AI Article Synopsis

  • Host cell proteins, like phospholipase B-like 2 (PLBL2), can contaminate therapeutic products like lebrikizumab, potentially affecting safety and effectiveness.
  • Lebrikizumab, an antibody for asthma treatment, was found to have PLBL2 as an impurity, and about 90% of subjects in clinical trials developed immune responses to it.
  • Despite high antibody levels against PLBL2, there was no link to adverse safety issues or effects on the immune response to lebrikizumab, especially with newer formulations having lower PLBL2 levels showing fewer immune responses.

Article Abstract

Host cell proteins are manufacturing process-related impurities that may co-purify with the product despite extensive efforts to optimize the purification process. The risks associated with these impurities can vary and may be patient and/or therapeutic dependent. Therefore, it is critical to monitor and control the levels of these impurities in products and their potential impact on safety and efficacy. Lebrikizumab is a humanized immunoglobulin G4 monoclonal antibody (mAb) that binds specifically to soluble interleukin 13. This mAb is currently in phase III clinical development for the treatment of asthma.

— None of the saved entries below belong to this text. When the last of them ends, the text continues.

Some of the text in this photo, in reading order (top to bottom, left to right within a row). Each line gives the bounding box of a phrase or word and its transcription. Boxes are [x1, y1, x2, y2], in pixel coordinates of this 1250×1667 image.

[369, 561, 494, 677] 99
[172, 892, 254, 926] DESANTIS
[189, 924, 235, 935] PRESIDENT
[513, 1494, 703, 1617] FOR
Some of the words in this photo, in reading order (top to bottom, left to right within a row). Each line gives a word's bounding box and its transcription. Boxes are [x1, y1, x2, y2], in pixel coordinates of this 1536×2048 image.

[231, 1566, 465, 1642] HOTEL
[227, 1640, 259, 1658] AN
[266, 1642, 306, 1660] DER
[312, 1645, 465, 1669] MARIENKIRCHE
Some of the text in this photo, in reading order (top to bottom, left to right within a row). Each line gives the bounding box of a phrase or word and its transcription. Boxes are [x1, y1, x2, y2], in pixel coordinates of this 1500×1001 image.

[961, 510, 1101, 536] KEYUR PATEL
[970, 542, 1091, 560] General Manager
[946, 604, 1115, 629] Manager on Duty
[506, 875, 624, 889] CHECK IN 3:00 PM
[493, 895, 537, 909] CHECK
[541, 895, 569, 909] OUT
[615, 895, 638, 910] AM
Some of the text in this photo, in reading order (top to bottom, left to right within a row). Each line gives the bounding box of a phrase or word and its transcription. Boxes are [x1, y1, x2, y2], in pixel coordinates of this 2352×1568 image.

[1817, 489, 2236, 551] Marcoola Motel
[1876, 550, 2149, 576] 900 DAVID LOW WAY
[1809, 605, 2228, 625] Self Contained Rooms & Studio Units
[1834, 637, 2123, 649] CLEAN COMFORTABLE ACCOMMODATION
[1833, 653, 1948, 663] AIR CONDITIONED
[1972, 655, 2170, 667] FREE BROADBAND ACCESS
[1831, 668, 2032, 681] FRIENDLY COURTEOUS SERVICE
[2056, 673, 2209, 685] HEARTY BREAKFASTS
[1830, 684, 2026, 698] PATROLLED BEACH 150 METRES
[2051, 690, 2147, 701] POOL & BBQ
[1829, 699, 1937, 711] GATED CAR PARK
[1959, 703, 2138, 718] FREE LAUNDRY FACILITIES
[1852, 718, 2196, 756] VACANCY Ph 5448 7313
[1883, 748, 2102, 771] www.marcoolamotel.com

Following initial phase III studies, the material used in lebrikizumab clinical trials was found to have a process-related impurity identified as Chinese hamster ovary phospholipase B-like 2 (PLBL2) which co-purified with lebrikizumab. The immunogenic potential of PLBL2 and its potential impact on the immunogenicity of lebrikizumab in clinical studies were therefore evaluated. Data from the clinical studies demonstrated that ∼90% of subjects developed a specific and measurable immune response to PLBL2. Given the high incidence of antibodies to PLBL2 as well as the comparable safety profile observed between placebo- and drug-treated subjects, no correlation between safety events and anti-PLBL2 antibodies could be made. Additionally, no impact on the incidence of anti-lebrikizumab antibodies was observed, suggesting the lack of an adjuvant effect from PLBL2. Interim analysis from ongoing phase III studies using material with substantially reduced levels of PLBL2 with patients having had longer exposure shows significantly less and dose-dependent frequency of immune responses to PLBL2.